In today’s briefing:
- News: Cemex to Divest Its Dominican Republic Operations for $950 Million
- MercadoLibre 2Q24: Fintech Credit Fuels Commerce Growth
- Morning Views Asia: Greentown China, Medco Energi, Vedanta Resources
News: Cemex to Divest Its Dominican Republic Operations for $950 Million
- The transaction is valued at approximately 6.8x 2023 EBITDA, or $396/ton, which we consider a good price given that Cemex currently trades at 5.5x LTM EBITDA, or $208/ ton.
- We view Cemex’s divestments of its Dominican Republic assets as a positive credit event that aligns with its strategic priorities.
- With this divestment, the company should focus on growing its key markets through bolt-on acquisition while maintaining its commitment to a healthy balance sheet.
MercadoLibre 2Q24: Fintech Credit Fuels Commerce Growth
- We maintain our Outperform recommendation on MercadoLibre with a preference for MELI 2.375% 2026 bonds. We remain optimistic about the company’s overall financial and business risks.
- Revenues increased by 41.5% (FX-neutral: 113%) to $5.1 billion in 2Q24. However, the EBIT margin contracted significantly by 440 bps to 14.3% from 18.7%.
- MELI ended the quarter with $976mn in net debt, down from $1.4 bn sequentially. Gross leverage remained relatively stable at 1.8x, and net leverage improved by 0.2x sequentially to 0.3x.

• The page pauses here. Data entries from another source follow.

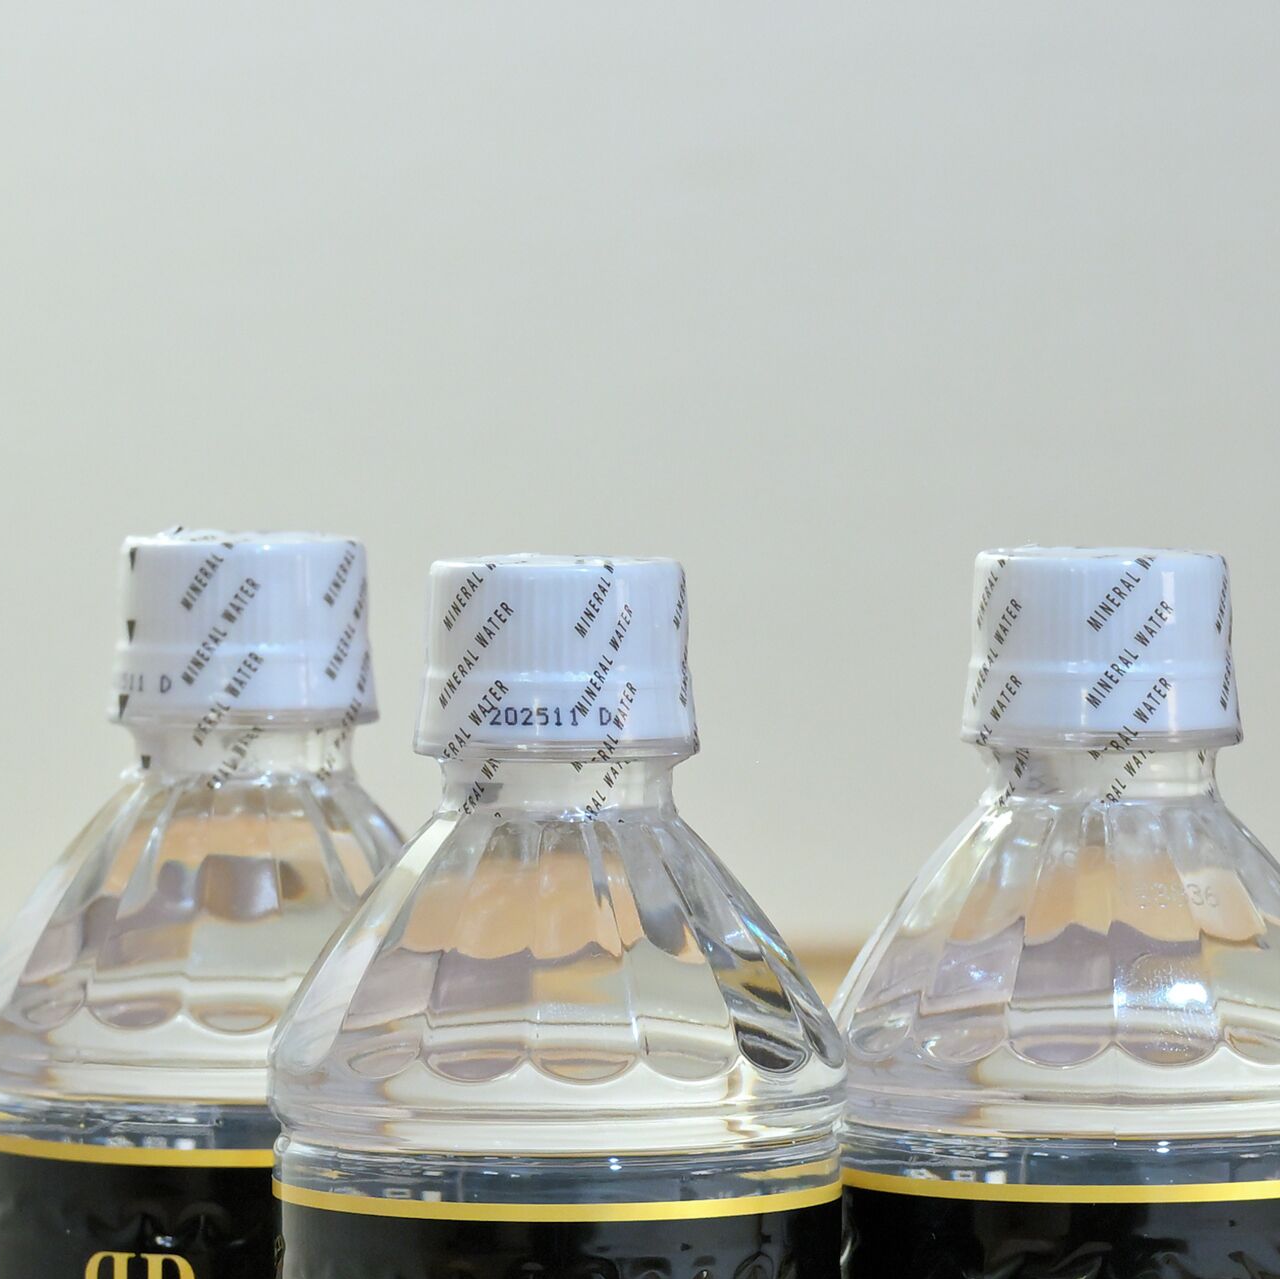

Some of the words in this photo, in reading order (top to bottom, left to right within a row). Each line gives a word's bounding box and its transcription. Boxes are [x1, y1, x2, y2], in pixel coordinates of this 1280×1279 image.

[180, 553, 224, 612] MINERAL
[323, 550, 355, 607] MINERAL
[443, 571, 484, 632] MINERAL
[574, 576, 611, 639] MINERAL
[977, 570, 999, 630] MINERAL
[1086, 571, 1141, 632] MINERAL
[181, 626, 228, 687] MINERAL
[221, 576, 261, 624] WATER
[324, 624, 356, 681] MINERAL
[439, 649, 479, 710] MINERAL
[474, 601, 514, 648] WATER
[575, 654, 613, 718] MINERAL
[609, 603, 633, 652] WATER
[972, 647, 999, 707] MINERAL
[994, 598, 1023, 645] WATER
[1085, 648, 1139, 709] MINERAL
[1134, 599, 1174, 647] WATER
[224, 651, 264, 698] WATER
[990, 674, 1023, 722] WATER
[1133, 676, 1173, 724] WATER
[442, 727, 471, 760] ERAL
[468, 679, 510, 726] WATER
[489, 707, 579, 726] 202511
[599, 707, 612, 726] D
[613, 681, 637, 731] WATER

Morning Views Asia: Greentown China, Medco Energi, Vedanta Resources
Lucror Analytics Morning Views comprise our fundamental credit analysis, opinions and trade recommendations on high yield issuers in the region, based on key company-specific developments in the past 24 hours. Our Morning Views include a section with a brief market commentary, key market indicators and a macroeconomic and corporate event calendar.